* [Data]:
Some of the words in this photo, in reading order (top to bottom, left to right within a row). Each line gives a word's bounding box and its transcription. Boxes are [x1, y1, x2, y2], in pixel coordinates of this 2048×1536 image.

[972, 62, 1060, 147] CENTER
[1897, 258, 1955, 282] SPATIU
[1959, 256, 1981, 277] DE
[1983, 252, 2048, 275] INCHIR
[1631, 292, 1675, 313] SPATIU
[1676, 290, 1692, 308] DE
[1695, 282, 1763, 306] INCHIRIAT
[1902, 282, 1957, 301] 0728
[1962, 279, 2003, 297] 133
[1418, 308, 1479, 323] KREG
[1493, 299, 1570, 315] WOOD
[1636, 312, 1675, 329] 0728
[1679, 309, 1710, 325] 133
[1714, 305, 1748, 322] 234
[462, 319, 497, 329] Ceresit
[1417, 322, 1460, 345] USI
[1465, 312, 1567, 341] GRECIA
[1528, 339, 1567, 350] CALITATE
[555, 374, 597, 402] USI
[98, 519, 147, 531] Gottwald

* [Exercise goal]:
Reproduce the material verbatim, line by line.

* [Solved exercise]:
Some of the words in this photo, in reading order (top to bottom, left to right within a row). Each line gives a word's bounding box and its transcription. Boxes are [x1, y1, x2, y2], in pixel coordinates of this 2048×1536 image.

[972, 62, 1060, 147] CENTER
[1897, 258, 1955, 282] SPATIU
[1959, 256, 1981, 277] DE
[1983, 252, 2048, 275] INCHIR
[1631, 292, 1675, 313] SPATIU
[1676, 290, 1692, 308] DE
[1695, 282, 1763, 306] INCHIRIAT
[1902, 282, 1957, 301] 0728
[1962, 279, 2003, 297] 133
[1418, 308, 1479, 323] KREG
[1493, 299, 1570, 315] WOOD
[1636, 312, 1675, 329] 0728
[1679, 309, 1710, 325] 133
[1714, 305, 1748, 322] 234
[462, 319, 497, 329] Ceresit
[1417, 322, 1460, 345] USI
[1465, 312, 1567, 341] GRECIA
[1528, 339, 1567, 350] CALITATE
[555, 374, 597, 402] USI
[98, 519, 147, 531] Gottwald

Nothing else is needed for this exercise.